The online retailer says more people sent clothes back as consumers swapped loungewear for dresses.

Image source, Karen Millen
Boohoo has warned full-year sales and profits will miss forecasts due to higher levels of clothing returns as people swapped loungewear for dresses.
The online retailer said it had sold an “exceptionally high” proportion of dresses in the quarter to November.
A Boohoo spokeswoman said people were more likely to return expensive clothing from its brands such as Karen Millen and Coast.
It added overseas delivery delays and higher shipping costs will hit profits.
Shares in Boohoo sank 15% in reaction to the news.
Analysts at Zeus Capital also said shoppers had bought “significantly” more dresses recently compared to the relaxed clothing favoured during Covid lockdowns.
It said loungewear and active wear had “typically low return rates”.
Boohoo also said: “Recent developments surrounding the Omicron variant could pose further demand uncertainty and elevated returns rates particularly in January and February.”

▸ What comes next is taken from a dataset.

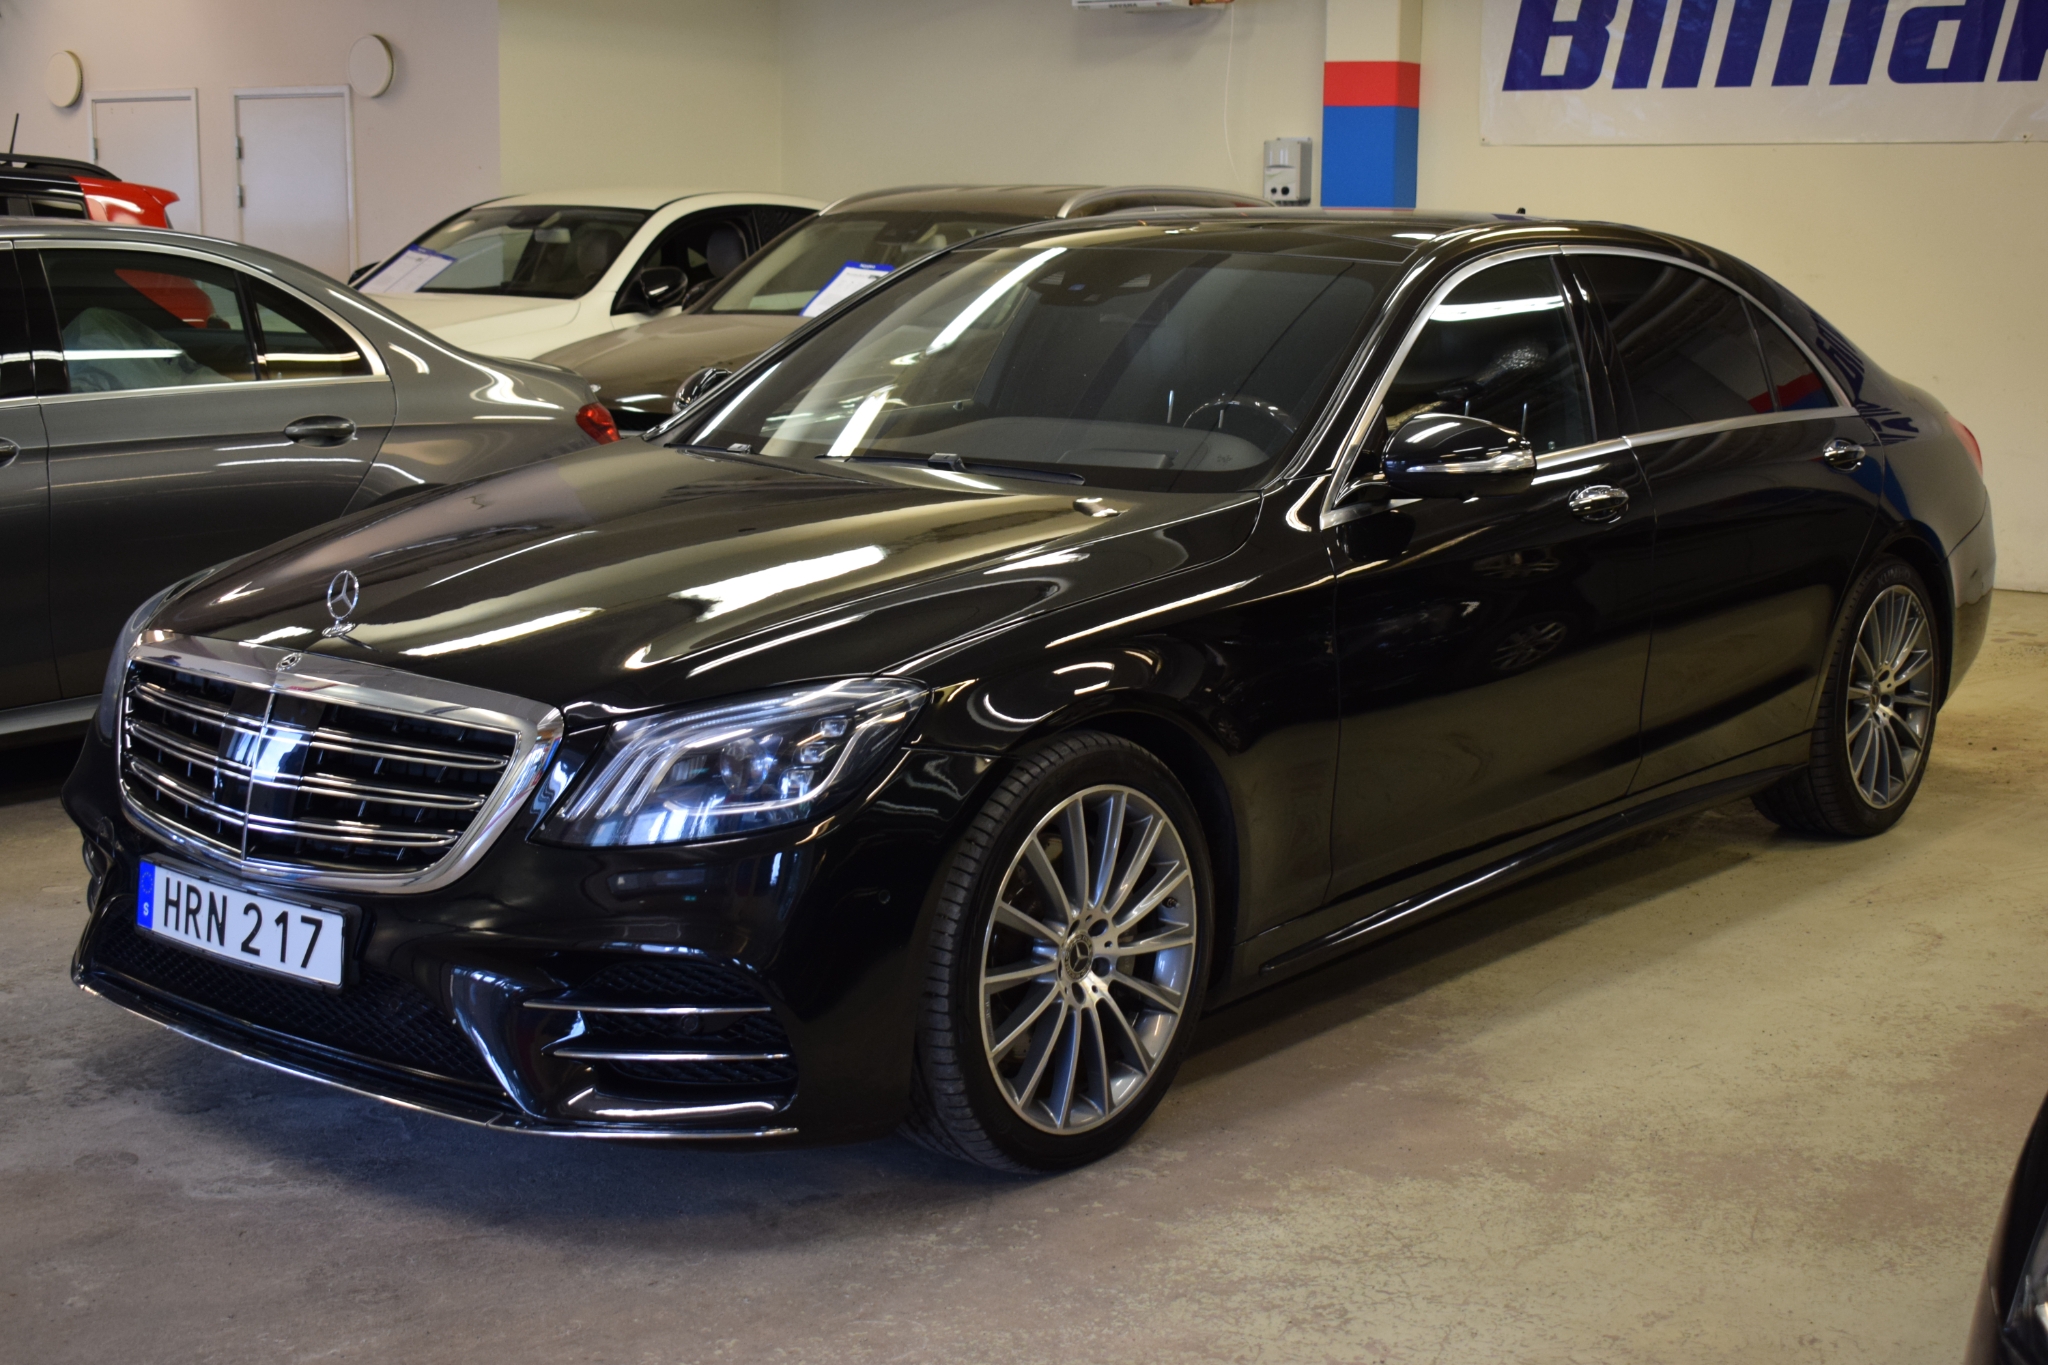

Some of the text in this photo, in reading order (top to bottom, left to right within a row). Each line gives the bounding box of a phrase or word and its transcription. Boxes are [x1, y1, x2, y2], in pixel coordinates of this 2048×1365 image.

[143, 902, 150, 916] S
[163, 876, 323, 969] HRN 217

The government recently issued guidance that office workers should work from home if they can amid rising cases of Covid.
Boohoo now expects its full-year underlying earnings to grow by between 6% and 7%, compared to previous forecasts of a 9-9.5% increase.
Sales are now set to grow by between 12% and 14%, far short of previous expectations of 20-25% growth.
Boohoo has expanded significantly in recent years.
It acquired Karen Millen and Coast in 2019, bought Warehouse the following year and more recently took over the brand and website of failed department store chain Debenhams.